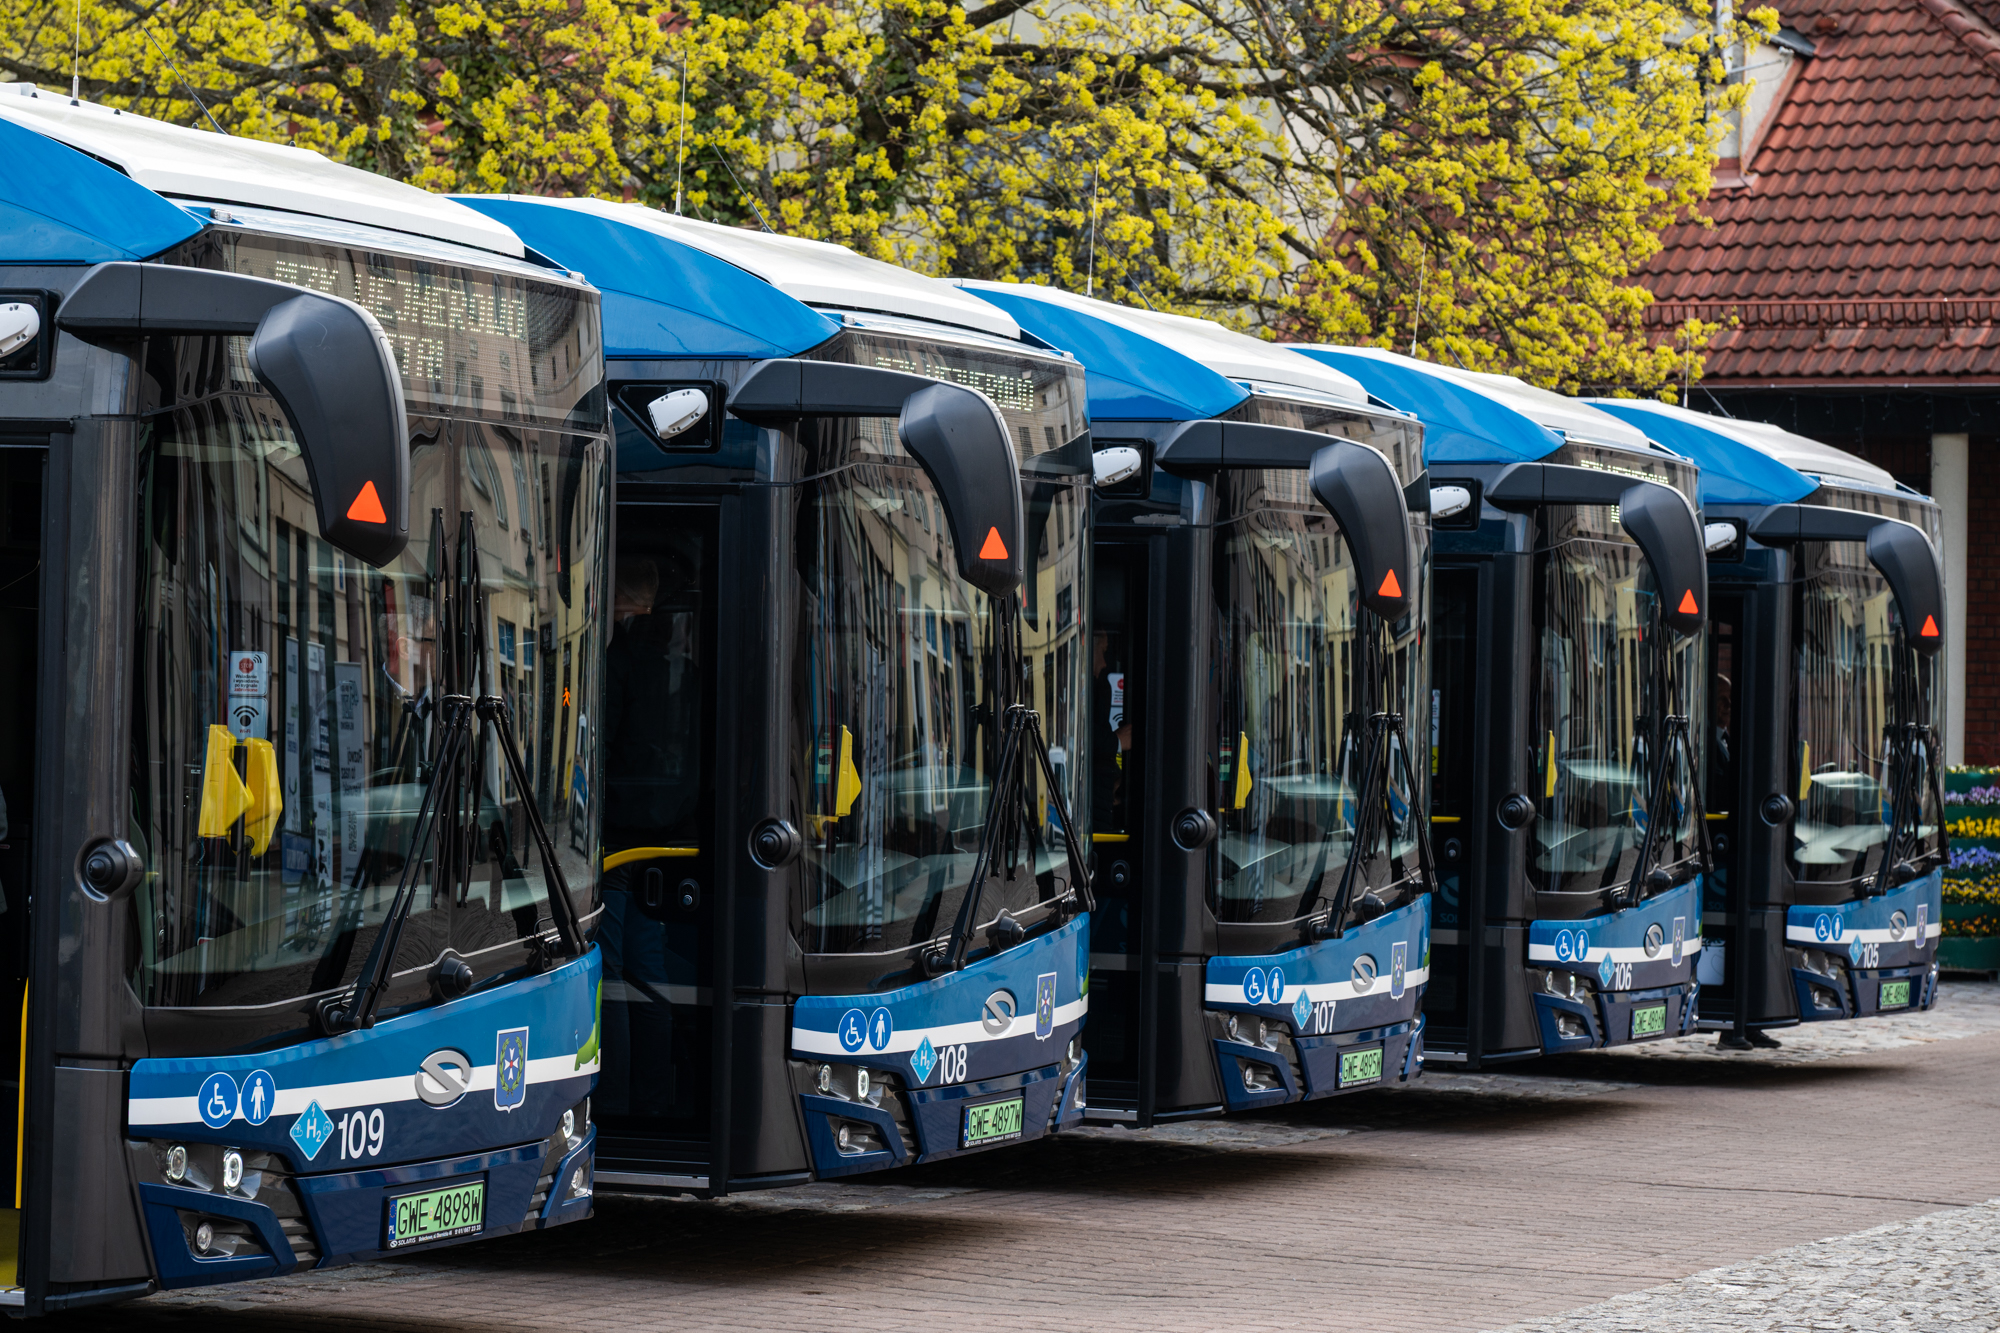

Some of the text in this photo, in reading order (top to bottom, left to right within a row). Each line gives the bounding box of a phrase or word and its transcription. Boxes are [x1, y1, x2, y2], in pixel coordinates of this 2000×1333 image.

[1863, 943, 1880, 969] 105
[1615, 963, 1633, 991] 106
[1314, 1000, 1337, 1035] 107
[939, 1043, 968, 1085] 108
[1343, 1051, 1382, 1080] GWE 4895W
[337, 1107, 385, 1160] 109
[970, 1103, 1022, 1138] GWE 4897W
[398, 1188, 482, 1236] GWE 4898W
[388, 1224, 396, 1235] PL
[397, 1236, 416, 1247] SOLARIS
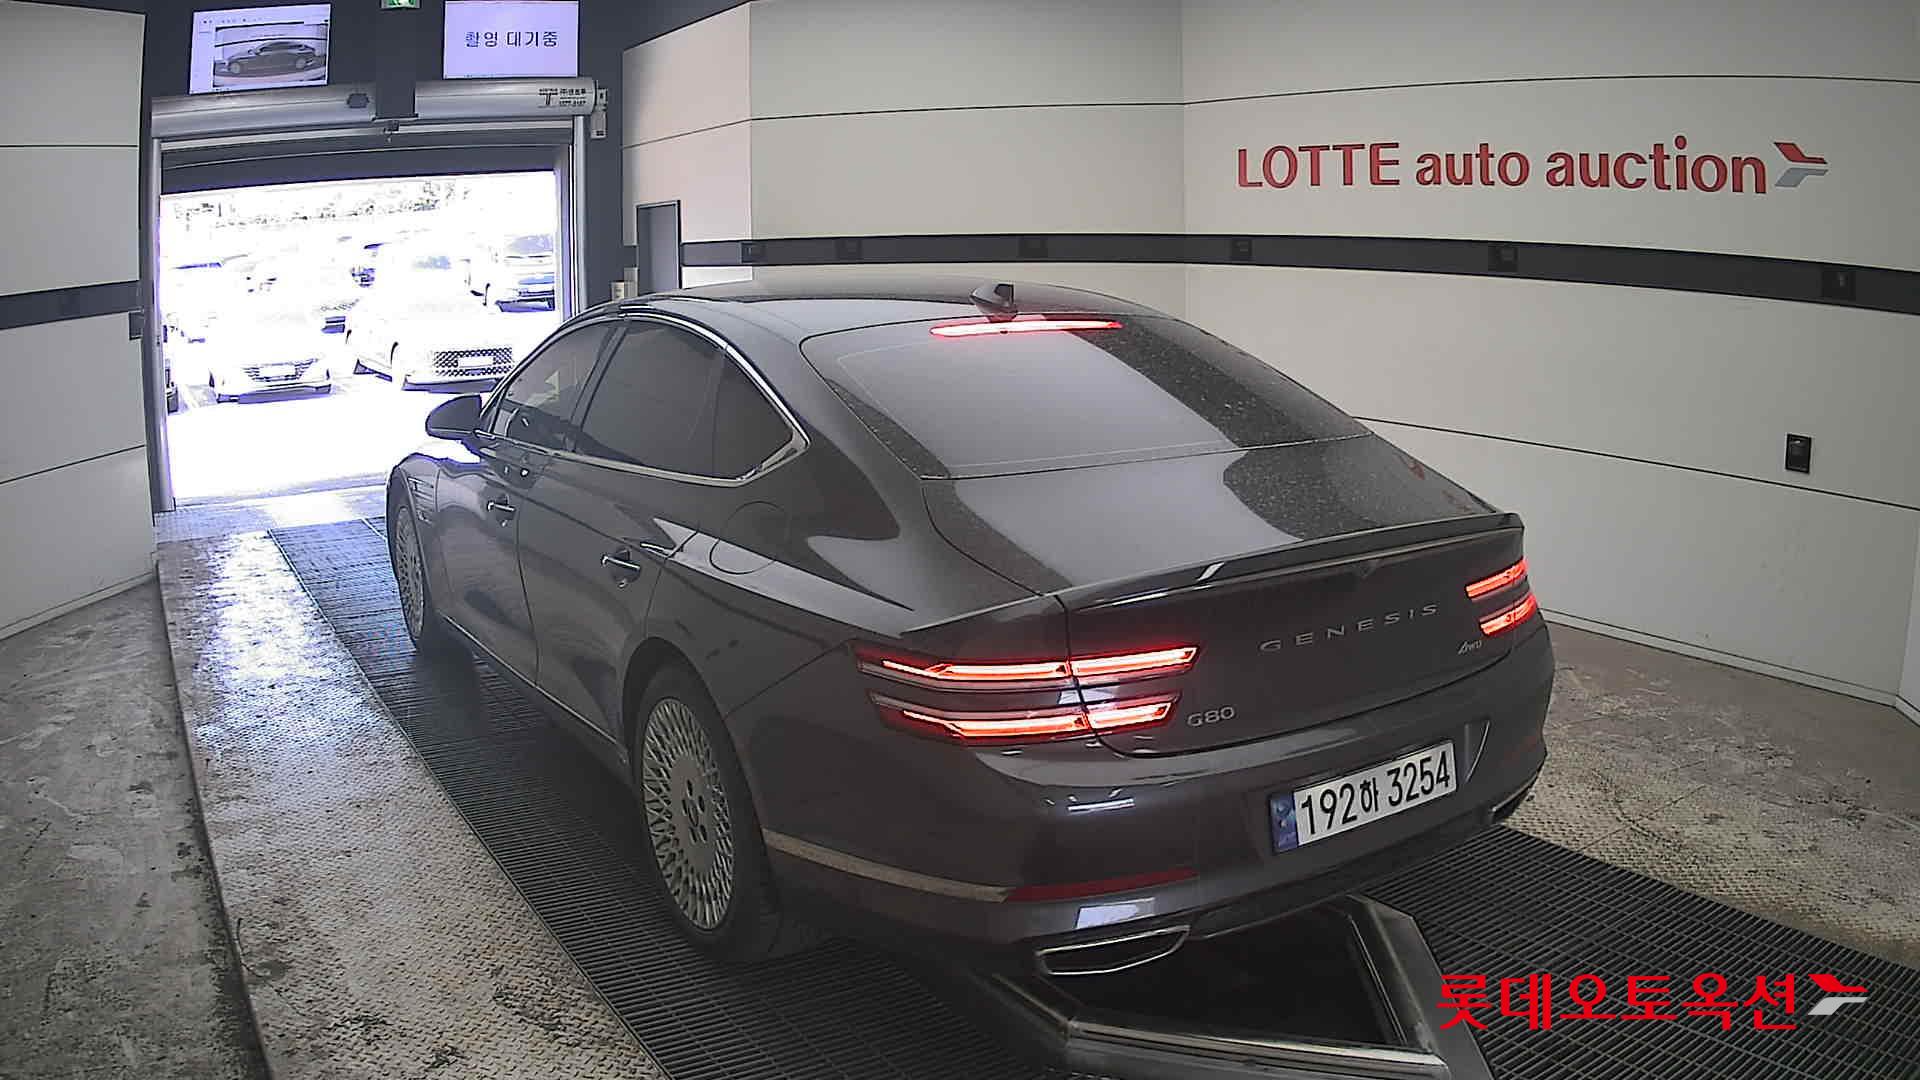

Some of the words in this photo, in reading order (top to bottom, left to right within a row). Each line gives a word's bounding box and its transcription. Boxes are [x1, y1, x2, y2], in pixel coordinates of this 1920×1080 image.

*PROBLEM DESCRIPTION*.
Take the data above and set it down exactly, images excluded.

*WRITTEN RESPONSE*.
Some of the text in this photo, in reading order (top to bottom, left to right within a row). Each line gives the bounding box of a phrase or word and its transcription. Boxes are [x1, y1, x2, y2], in pixel coordinates of this 2000×1333 image.

[1863, 943, 1880, 969] 105
[1615, 963, 1633, 991] 106
[1314, 1000, 1337, 1035] 107
[939, 1043, 968, 1085] 108
[1343, 1051, 1382, 1080] GWE 4895W
[337, 1107, 385, 1160] 109
[970, 1103, 1022, 1138] GWE 4897W
[398, 1188, 482, 1236] GWE 4898W
[388, 1224, 396, 1235] PL
[397, 1236, 416, 1247] SOLARIS

Some of the words in this photo, in reading order (top to bottom, left to right within a row). Each line gives a word's bounding box and its transcription. Boxes are [x1, y1, x2, y2], in pixel coordinates of this 1920×1080 image.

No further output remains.